BEGIN Extracted entries

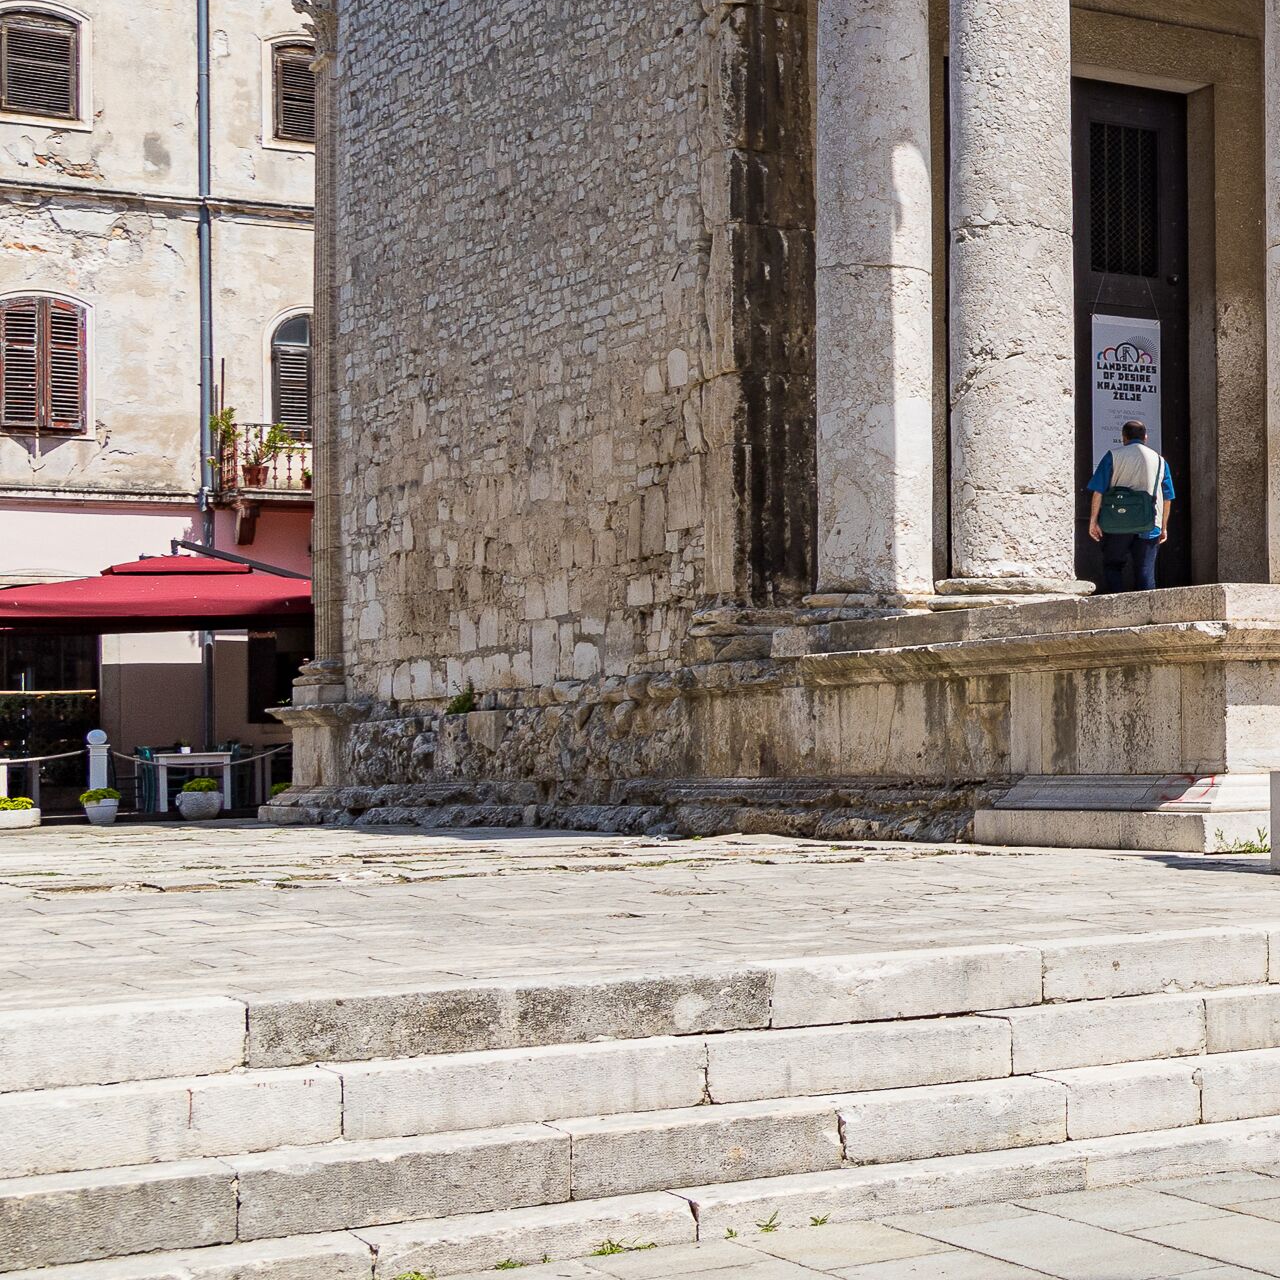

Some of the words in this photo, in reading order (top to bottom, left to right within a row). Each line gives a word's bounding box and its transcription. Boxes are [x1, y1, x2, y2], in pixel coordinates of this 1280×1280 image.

[1096, 361, 1157, 374] LANDSCAPES
[1103, 371, 1115, 380] OF
[1118, 372, 1151, 382] DESIRE
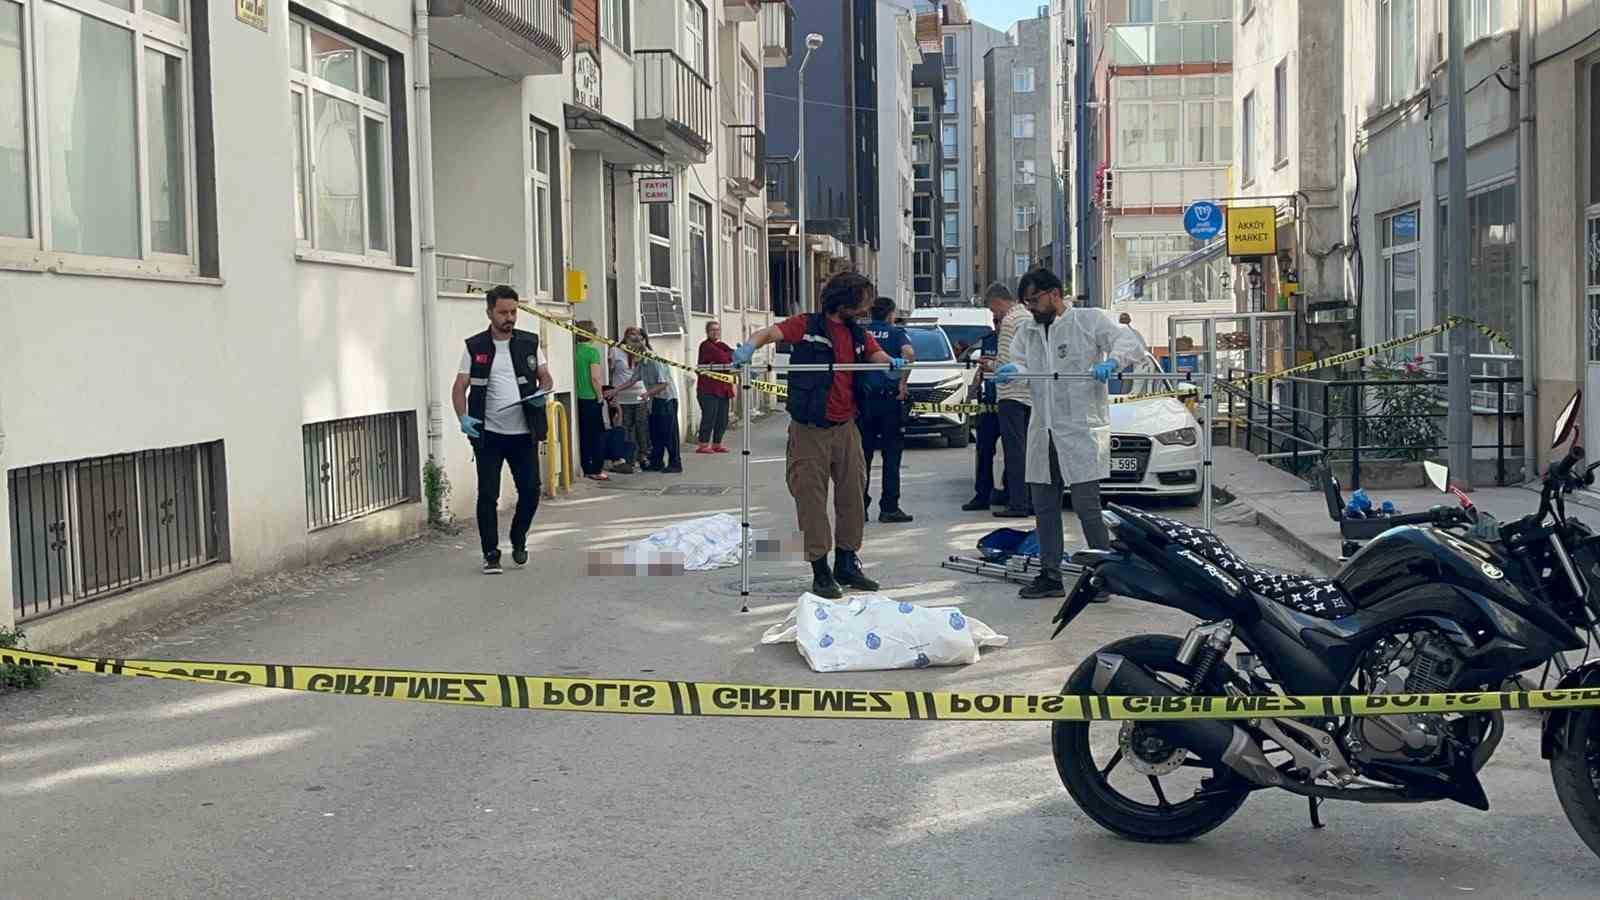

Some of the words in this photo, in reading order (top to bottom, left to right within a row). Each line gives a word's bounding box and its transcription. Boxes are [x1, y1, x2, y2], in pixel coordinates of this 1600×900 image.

[1238, 220, 1265, 230] AKKÖY
[1234, 232, 1269, 242] MARKET
[1119, 459, 1136, 470] 595
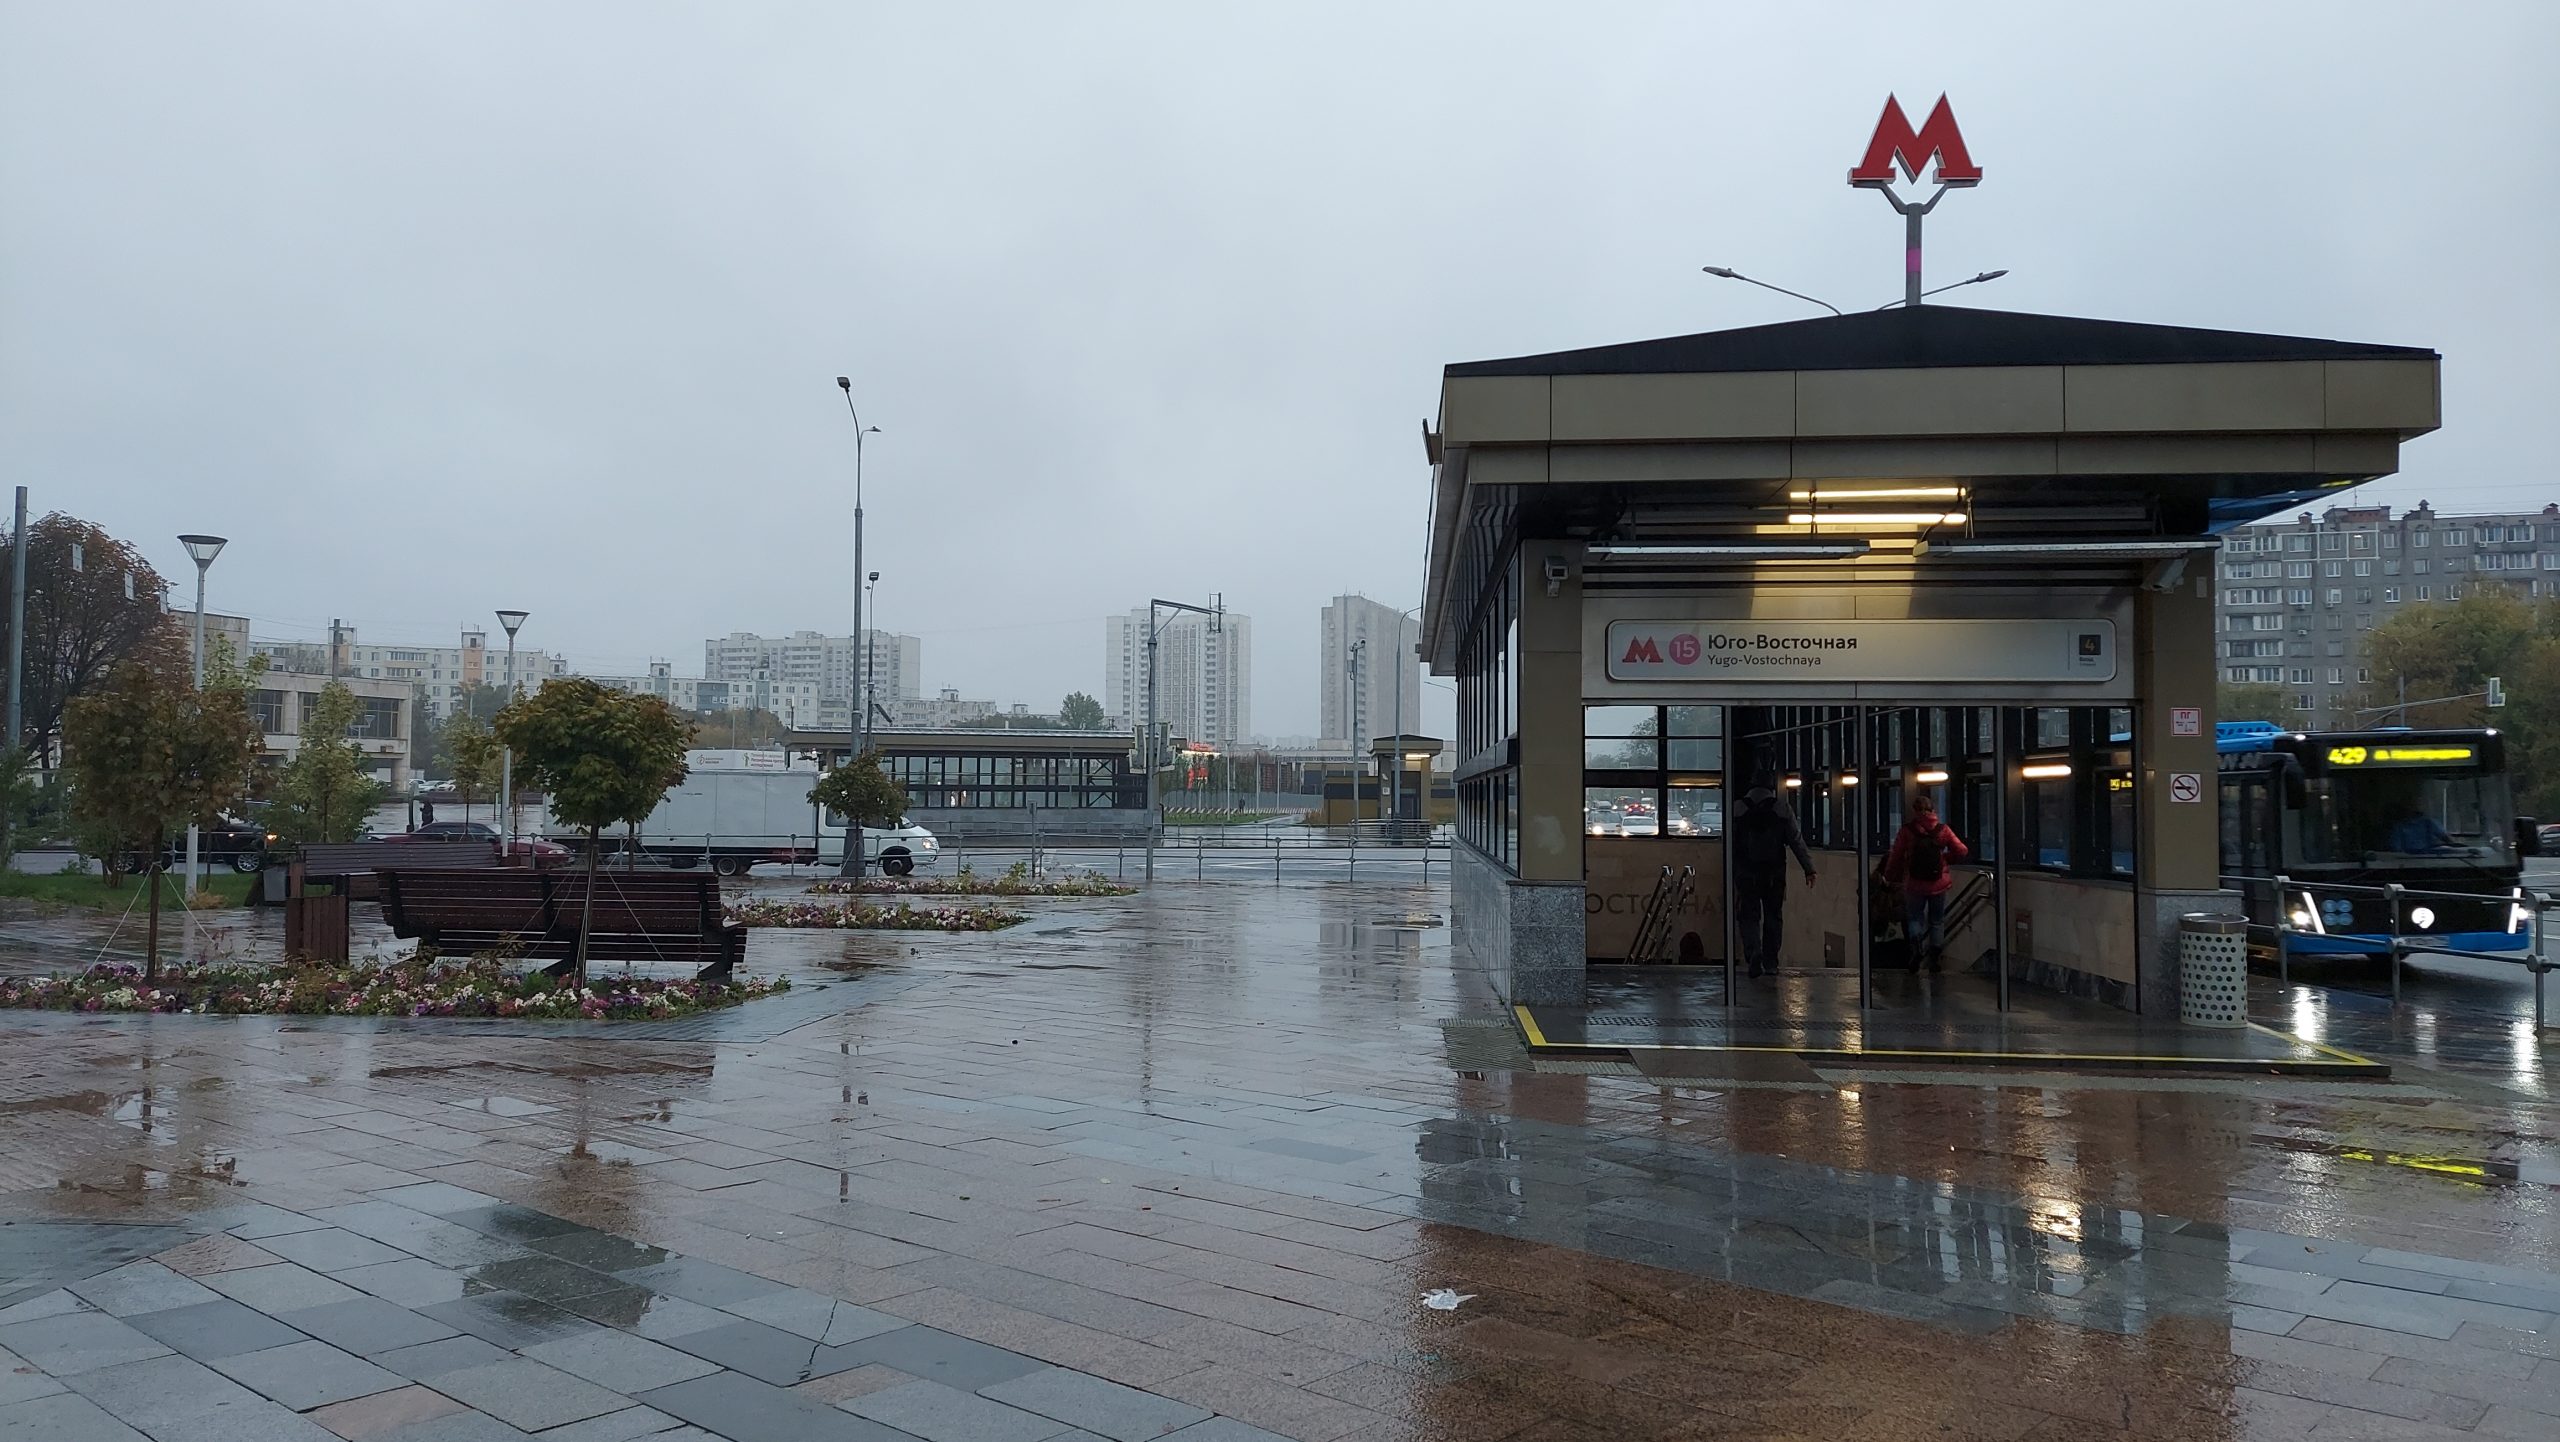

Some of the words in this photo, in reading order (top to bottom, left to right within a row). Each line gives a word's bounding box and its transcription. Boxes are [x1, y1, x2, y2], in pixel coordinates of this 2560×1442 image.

[1848, 91, 1983, 184] М
[1674, 640, 1696, 658] 15
[1708, 634, 1858, 650] Юго-Восточная
[1707, 654, 1821, 668] Yugo-Vostochnaya
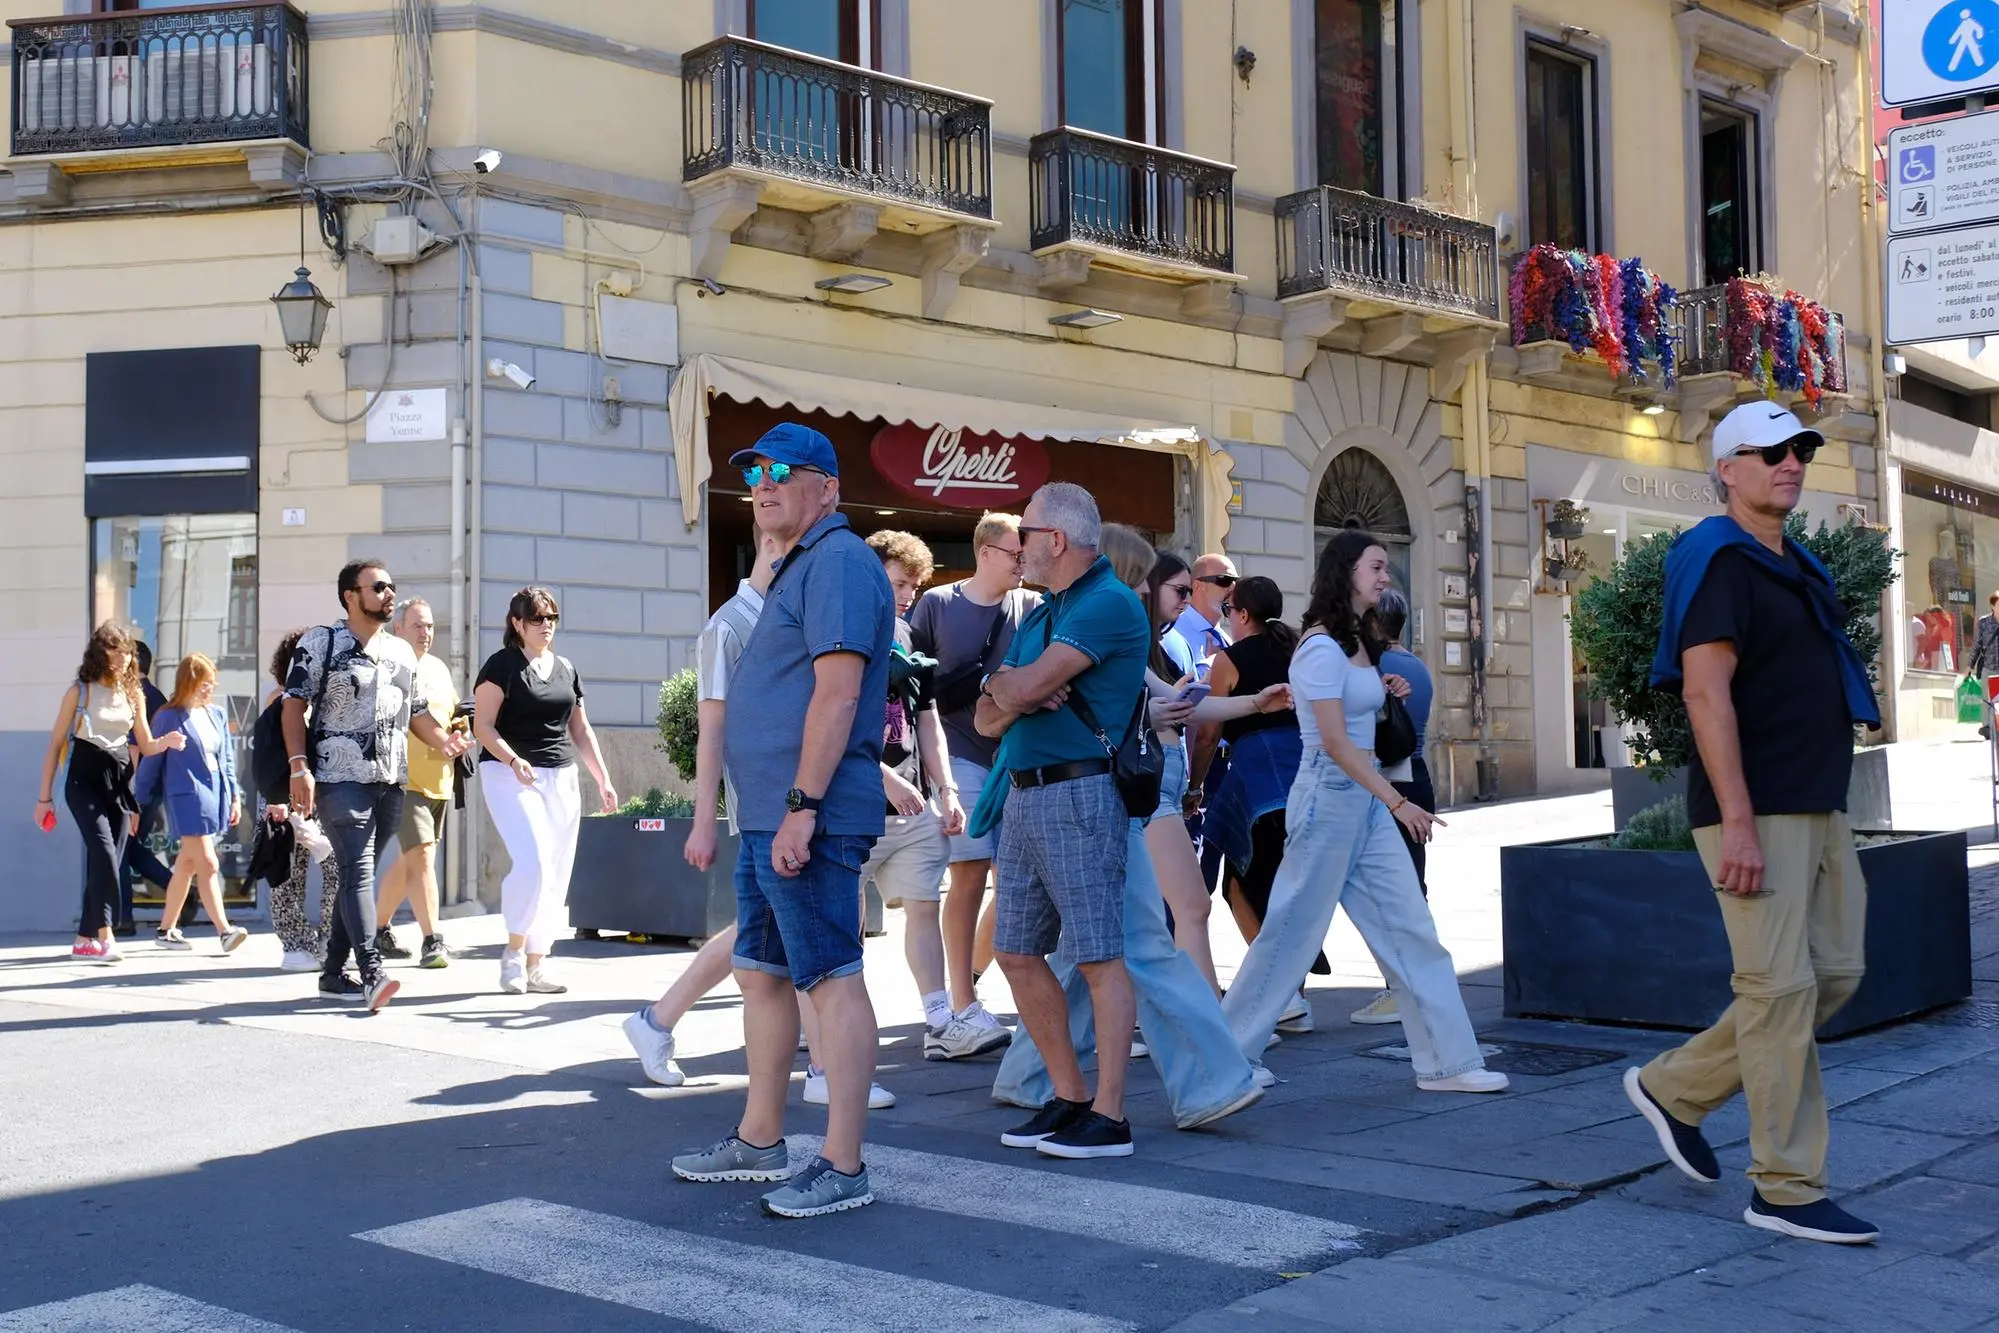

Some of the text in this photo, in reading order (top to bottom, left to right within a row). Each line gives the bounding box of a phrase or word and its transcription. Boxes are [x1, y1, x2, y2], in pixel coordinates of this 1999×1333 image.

END Extracted entries

[About this task] Working from the line that contains "this 2560×1442 image." to the last line of the listing, please quote each line exactly, pictures excluded.

[Task answer]
Some of the words in this photo, in reading order (top to bottom, left to right within a row). Each line gives a word's bounding box and its transcription. Boxes are [x1, y1, x2, y2], in pixel coordinates of this 2560×1442 image.

[1848, 91, 1983, 184] М
[1674, 640, 1696, 658] 15
[1708, 634, 1858, 650] Юго-Восточная
[1707, 654, 1821, 668] Yugo-Vostochnaya

Some of the text in this photo, in reading order (top to bottom, left to right within a row). Each line gives the bounding box of a phrase or word and its transcription. Boxes are [x1, y1, x2, y2], in pixel coordinates of this 1999×1333 image.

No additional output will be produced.